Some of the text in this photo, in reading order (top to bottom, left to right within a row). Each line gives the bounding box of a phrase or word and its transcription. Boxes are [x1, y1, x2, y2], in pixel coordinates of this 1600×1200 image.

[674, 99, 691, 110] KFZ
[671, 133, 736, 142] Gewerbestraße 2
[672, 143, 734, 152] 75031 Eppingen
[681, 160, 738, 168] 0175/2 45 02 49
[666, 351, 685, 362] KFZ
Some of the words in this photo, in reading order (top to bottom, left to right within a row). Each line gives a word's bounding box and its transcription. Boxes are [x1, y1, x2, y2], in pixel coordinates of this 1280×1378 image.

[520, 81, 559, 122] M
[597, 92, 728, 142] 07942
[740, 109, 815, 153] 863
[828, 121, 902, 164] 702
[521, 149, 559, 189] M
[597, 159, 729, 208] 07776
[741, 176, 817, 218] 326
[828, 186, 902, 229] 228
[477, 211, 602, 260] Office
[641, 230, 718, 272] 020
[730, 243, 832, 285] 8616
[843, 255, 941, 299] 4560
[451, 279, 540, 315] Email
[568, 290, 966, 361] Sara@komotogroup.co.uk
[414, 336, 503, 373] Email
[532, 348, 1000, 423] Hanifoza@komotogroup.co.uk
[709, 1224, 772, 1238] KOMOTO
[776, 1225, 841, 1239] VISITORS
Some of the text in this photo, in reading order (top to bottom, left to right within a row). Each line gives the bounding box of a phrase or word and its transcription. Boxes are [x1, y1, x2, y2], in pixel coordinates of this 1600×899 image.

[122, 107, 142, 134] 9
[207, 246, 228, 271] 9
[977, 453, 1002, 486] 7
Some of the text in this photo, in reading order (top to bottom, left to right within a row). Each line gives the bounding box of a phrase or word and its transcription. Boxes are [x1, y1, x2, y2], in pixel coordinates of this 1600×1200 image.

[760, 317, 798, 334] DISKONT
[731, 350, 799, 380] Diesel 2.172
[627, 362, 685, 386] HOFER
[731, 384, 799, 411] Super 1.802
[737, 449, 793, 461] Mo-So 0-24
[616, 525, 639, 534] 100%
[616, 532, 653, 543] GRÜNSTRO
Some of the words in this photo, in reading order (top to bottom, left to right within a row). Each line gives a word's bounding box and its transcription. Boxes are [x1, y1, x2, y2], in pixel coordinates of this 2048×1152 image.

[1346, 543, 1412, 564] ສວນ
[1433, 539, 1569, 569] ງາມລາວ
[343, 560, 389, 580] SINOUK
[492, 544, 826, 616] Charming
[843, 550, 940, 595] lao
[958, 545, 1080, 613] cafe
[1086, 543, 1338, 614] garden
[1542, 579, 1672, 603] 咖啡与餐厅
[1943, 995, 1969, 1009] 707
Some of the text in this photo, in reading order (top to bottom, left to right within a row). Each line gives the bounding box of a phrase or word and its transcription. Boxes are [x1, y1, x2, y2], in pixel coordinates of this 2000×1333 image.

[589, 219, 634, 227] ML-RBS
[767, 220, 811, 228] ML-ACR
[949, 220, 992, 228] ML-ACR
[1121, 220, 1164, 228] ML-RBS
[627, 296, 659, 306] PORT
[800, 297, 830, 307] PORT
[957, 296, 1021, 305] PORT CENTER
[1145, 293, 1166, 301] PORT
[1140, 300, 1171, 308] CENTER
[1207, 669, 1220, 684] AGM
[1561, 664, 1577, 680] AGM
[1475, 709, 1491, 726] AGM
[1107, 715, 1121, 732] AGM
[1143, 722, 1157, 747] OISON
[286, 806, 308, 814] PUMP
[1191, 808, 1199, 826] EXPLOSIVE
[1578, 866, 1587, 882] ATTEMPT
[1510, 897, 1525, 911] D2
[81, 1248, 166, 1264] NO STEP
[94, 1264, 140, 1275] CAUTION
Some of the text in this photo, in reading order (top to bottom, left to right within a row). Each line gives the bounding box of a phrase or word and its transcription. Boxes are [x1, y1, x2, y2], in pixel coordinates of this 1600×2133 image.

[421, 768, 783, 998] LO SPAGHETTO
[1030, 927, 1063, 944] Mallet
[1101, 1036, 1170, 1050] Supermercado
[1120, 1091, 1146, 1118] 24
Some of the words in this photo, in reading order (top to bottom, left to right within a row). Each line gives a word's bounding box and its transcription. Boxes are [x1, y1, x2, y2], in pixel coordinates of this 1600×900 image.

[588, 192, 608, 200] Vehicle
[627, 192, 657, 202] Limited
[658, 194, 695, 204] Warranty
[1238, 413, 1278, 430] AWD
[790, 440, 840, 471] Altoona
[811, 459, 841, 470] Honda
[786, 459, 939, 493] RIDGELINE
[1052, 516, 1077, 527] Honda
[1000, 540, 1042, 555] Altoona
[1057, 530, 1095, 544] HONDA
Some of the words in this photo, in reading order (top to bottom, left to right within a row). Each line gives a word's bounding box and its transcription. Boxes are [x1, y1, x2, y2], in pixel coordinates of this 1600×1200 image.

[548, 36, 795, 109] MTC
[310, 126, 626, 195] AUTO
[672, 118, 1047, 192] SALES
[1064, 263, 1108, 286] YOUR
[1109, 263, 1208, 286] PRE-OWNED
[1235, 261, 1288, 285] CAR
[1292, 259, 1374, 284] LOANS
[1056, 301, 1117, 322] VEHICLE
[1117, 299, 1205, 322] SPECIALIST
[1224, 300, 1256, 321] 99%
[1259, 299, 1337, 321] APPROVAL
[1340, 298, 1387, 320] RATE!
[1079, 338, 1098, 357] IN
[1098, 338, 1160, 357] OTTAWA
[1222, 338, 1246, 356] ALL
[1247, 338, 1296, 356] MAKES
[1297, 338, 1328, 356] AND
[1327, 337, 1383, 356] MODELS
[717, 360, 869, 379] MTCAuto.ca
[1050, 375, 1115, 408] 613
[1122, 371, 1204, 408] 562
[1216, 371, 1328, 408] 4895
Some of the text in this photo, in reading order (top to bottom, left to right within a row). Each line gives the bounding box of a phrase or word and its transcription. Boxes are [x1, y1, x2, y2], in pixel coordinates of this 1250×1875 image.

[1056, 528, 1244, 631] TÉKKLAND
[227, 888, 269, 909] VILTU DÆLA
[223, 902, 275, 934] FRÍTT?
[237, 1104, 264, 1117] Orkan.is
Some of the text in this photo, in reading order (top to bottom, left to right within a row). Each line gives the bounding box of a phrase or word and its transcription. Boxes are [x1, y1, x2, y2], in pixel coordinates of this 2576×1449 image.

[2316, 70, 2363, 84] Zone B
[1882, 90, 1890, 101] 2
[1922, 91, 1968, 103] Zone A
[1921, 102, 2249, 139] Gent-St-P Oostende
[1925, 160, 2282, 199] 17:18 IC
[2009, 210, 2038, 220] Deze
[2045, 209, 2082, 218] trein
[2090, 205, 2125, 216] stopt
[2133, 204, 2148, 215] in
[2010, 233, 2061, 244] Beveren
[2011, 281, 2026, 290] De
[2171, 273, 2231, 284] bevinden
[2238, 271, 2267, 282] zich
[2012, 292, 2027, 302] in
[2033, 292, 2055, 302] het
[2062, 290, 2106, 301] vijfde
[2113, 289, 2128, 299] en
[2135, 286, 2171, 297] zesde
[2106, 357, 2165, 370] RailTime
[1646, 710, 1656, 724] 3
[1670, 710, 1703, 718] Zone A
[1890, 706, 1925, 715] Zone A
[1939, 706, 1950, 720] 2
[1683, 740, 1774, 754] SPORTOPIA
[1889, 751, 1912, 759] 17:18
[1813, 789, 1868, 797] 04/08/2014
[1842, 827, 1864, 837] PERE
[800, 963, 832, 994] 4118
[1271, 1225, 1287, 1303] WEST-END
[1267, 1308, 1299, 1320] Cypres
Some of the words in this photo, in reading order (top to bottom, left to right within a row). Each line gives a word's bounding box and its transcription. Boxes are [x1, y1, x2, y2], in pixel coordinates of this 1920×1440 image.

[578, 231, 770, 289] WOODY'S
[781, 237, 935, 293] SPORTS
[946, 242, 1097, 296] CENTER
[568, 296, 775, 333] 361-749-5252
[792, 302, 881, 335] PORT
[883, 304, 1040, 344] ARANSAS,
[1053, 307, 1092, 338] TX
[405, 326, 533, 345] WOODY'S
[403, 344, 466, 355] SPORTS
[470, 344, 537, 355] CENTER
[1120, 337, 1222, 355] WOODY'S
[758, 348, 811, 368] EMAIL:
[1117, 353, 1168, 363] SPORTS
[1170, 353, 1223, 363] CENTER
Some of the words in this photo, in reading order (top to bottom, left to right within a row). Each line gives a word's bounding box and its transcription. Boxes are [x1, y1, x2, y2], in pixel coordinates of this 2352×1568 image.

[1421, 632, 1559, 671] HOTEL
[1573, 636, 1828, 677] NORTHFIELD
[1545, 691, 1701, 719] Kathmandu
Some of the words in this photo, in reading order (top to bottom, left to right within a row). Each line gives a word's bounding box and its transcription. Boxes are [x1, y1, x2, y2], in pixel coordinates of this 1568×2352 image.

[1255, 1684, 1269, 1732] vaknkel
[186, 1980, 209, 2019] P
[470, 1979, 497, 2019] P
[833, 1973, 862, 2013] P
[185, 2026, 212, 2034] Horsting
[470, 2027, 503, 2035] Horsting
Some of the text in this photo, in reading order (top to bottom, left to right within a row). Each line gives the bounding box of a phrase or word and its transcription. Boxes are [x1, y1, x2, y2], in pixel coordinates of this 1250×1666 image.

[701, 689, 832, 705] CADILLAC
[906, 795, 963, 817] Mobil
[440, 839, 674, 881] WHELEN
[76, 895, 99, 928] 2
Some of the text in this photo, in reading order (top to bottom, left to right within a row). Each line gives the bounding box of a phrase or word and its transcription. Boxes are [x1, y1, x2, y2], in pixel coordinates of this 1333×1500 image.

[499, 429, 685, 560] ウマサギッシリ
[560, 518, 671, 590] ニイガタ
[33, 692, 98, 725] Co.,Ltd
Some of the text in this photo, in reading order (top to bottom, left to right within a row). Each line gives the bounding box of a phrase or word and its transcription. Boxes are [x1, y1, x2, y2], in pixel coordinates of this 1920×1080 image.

**REQUIRED ACTION:** Return only those lines that run from the one containing "this 1568×2352 image." through the end of the entries, keeping each exactly as written.

**RESPONSE FOR THIS EXERCISE:**
Some of the words in this photo, in reading order (top to bottom, left to right within a row). Each line gives a word's bounding box and its transcription. Boxes are [x1, y1, x2, y2], in pixel coordinates of this 1568×2352 image.

[1255, 1684, 1269, 1732] vaknkel
[186, 1980, 209, 2019] P
[470, 1979, 497, 2019] P
[833, 1973, 862, 2013] P
[185, 2026, 212, 2034] Horsting
[470, 2027, 503, 2035] Horsting
Some of the text in this photo, in reading order (top to bottom, left to right within a row). Each line gives the bounding box of a phrase or word and its transcription. Boxes are [x1, y1, x2, y2], in pixel coordinates of this 1250×1666 image.

[701, 689, 832, 705] CADILLAC
[906, 795, 963, 817] Mobil
[440, 839, 674, 881] WHELEN
[76, 895, 99, 928] 2
Some of the text in this photo, in reading order (top to bottom, left to right within a row). Each line gives the bounding box of a phrase or word and its transcription. Boxes are [x1, y1, x2, y2], in pixel coordinates of this 1333×1500 image.

[499, 429, 685, 560] ウマサギッシリ
[560, 518, 671, 590] ニイガタ
[33, 692, 98, 725] Co.,Ltd
Some of the text in this photo, in reading order (top to bottom, left to right within a row). Each line gives the bounding box of a phrase or word and its transcription. Boxes are [x1, y1, x2, y2], in pixel coordinates of this 1920×1080 image.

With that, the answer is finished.